Le gusta su trabajo. Y Bruselas, una ciudad con claroscuros, que genera amores y odios, le tiene a mitad de camino entre unos y otros. «Es una ciudad no muy grande que permite llevar una vida agradable», dice. Y añade particularidades como cruzarse con eurodiputados en el autobús o el avión o tener al alcance de la mano propuestas de lo más exótico.

Bruselas es el corazón de Europa y ha tenido esta semana el corazón encogido por los atentados de París y el operativo para capturar a sus autores. «Lo he vivido como la mayoría, con una mezcla de preocupación y de rabia. El desasosiego es palpable en Bruselas y desde mi oficina escucho casi cada día sirenas de coches de policía», relata. Y añade que el ataque contra Francia es un ataque contra toda Europa y que la respuesta ha de ser firme y unánime: «Son varios los desafíos que la Unión tiene en el plano internacional y lo que está claro es que un solo país no va a ser capaz de solucionarlo por su cuenta. Debemos actuar juntos para defender nuestra democracia». Europeísta convencido, asegura que se sintió orgulloso cuando escuchó a los ingleses cantar ‘La marsellesa’ en el partido que enfrentó el martes a Inglaterra y Francia.

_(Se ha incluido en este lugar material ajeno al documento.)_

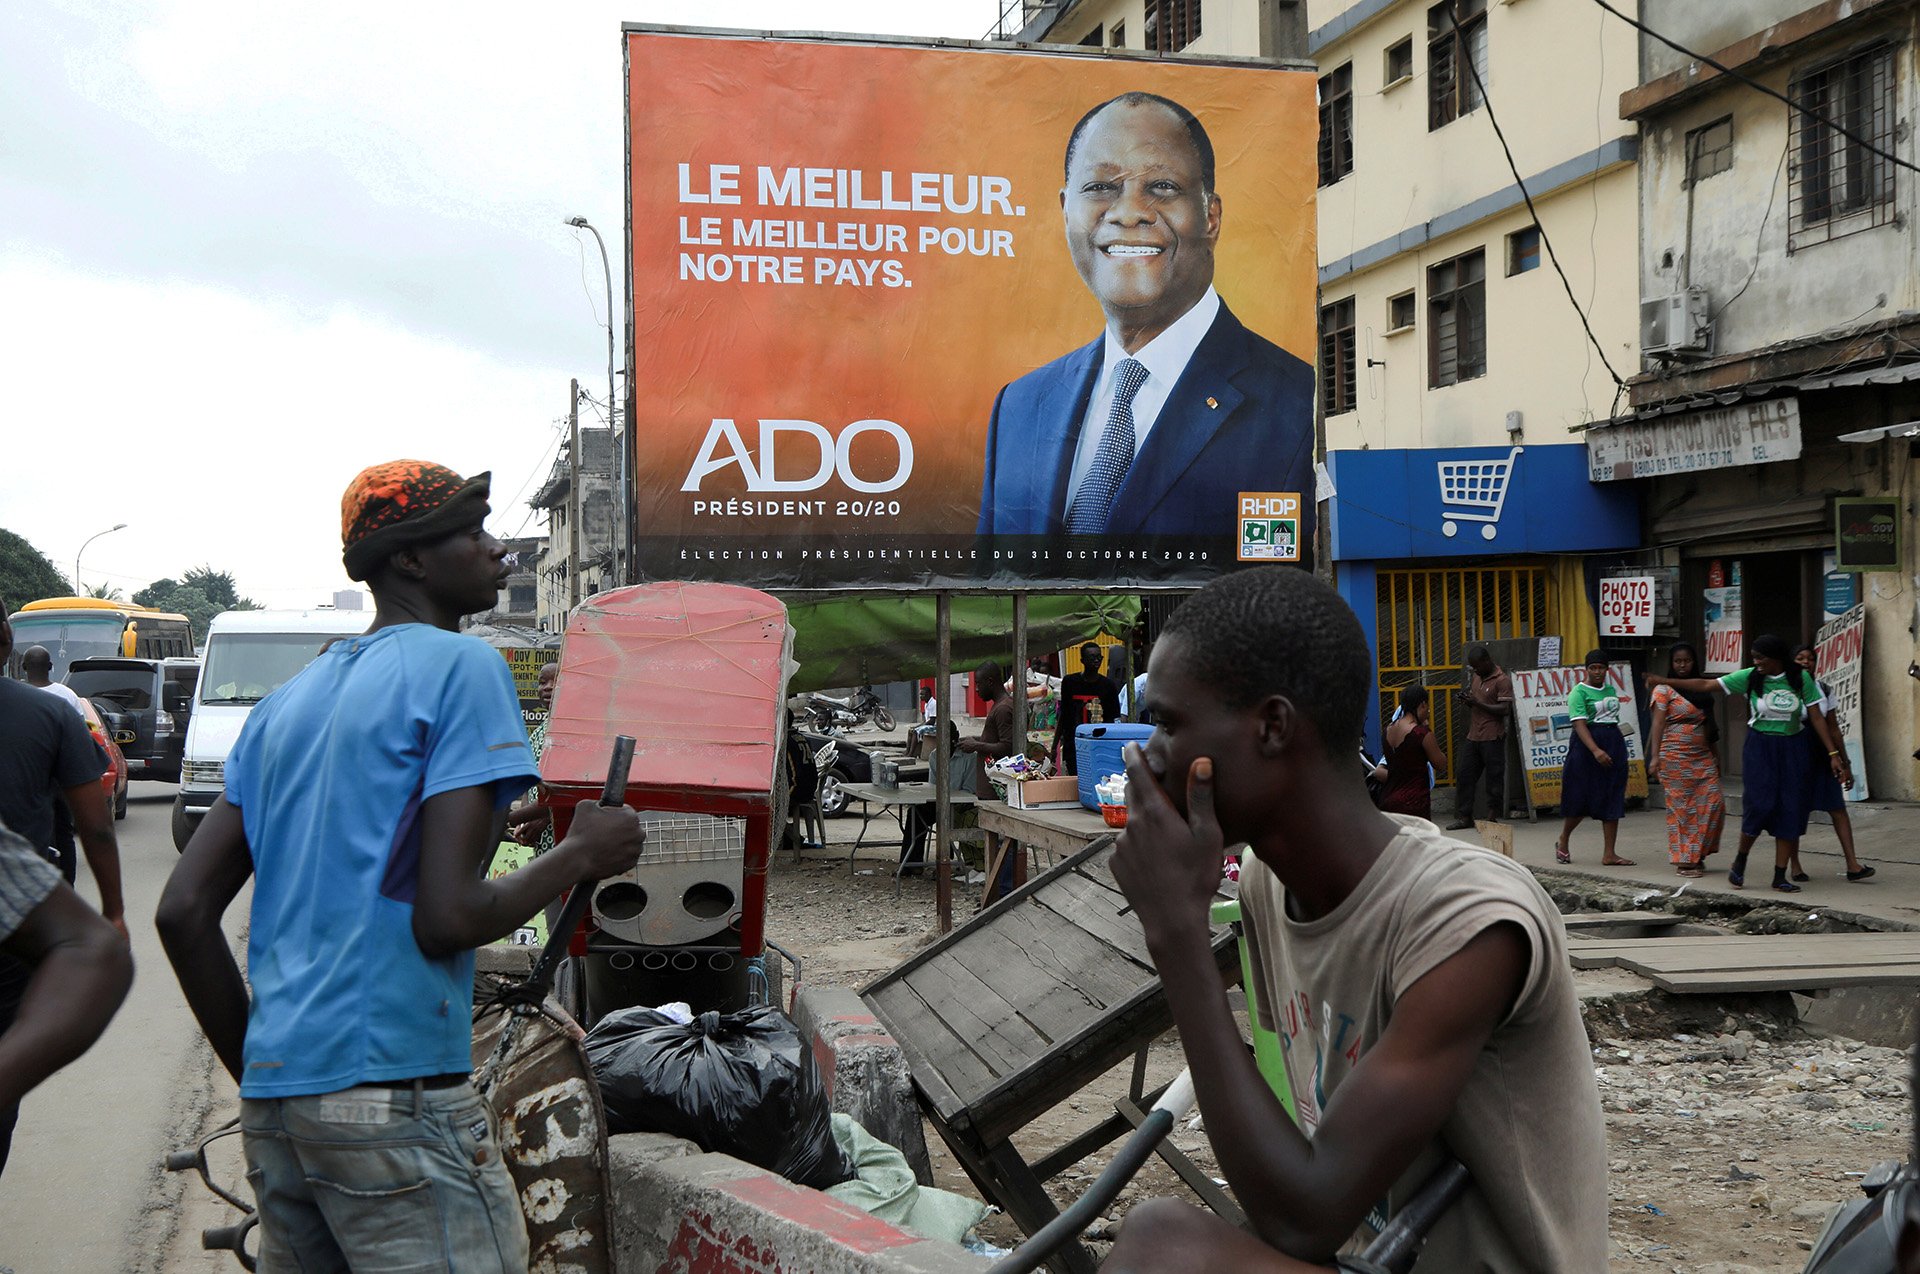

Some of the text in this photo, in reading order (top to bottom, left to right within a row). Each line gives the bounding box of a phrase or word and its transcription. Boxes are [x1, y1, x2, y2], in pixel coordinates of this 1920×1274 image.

Carlos, que habita en esa eterna contradicción de quien vive lejos de casa que es el choque entre lo propio y lo ajeno, el amor a lo más cercano y el enamoramiento ante lo diferente, confiesa que la experiencia internacional aportar el disfrute de la multiculturalidad, de trabajar en diferentes idiomas y con personas de distintas nacionalidades, pero también, de forma paralela, acaba por propiciar una vuelta a las raíces, a la cultura, al idioma, a los compatriotas. «Tengo muchos conocidos de todo el mundo, muchos contactos en Facebook, algún que otro amigo belga, pero al final los amigos más cercanos son los españoles».

Dice que la soledad a veces aprieta y que la tierra siempre llama. «¡Qué decirte! Hemos llegado a alquilar una parcela de terreno a las afueras de Bruselas para tener nuestro huertín, junto al chef asturiano Toni Alonso Corteguera y otros amigos. Ni que decir tiene que en vez de coles de Bruselas lo primero que hemos plantado han sido berzas para hacer un buen pote». Pero ni con esas, ni con la playa del Silencio en el salvapantallas del ordenador, deja de añorar la comida de su madre o disponer de un rato para tocar la guitarra con su hermano.

Su presente es Bruselas y su futuro puede que también. Pero aún es pronto para saberlo: «Mi intención original es la de preparar el puesto permanente de funcionario en la UE, sigo creyendo en el proyecto común y en la necesidad de más Europa en este mundo tan convulso. El trabajo me parece motivante e interesante, aunque muchas veces la labor que tratamos de realizar no llegue a todo el ciudadano». Pero en la vida siempre hay peros. Y Carlos no acaba de entenderse bien con ese concepto de estar en el mismo lugar «para toda la vida». Así pues: «Veremos dónde nos lleva el viento, quizá incluso de vuelta a Asturias, por lo pronto en Navidades allí estaré».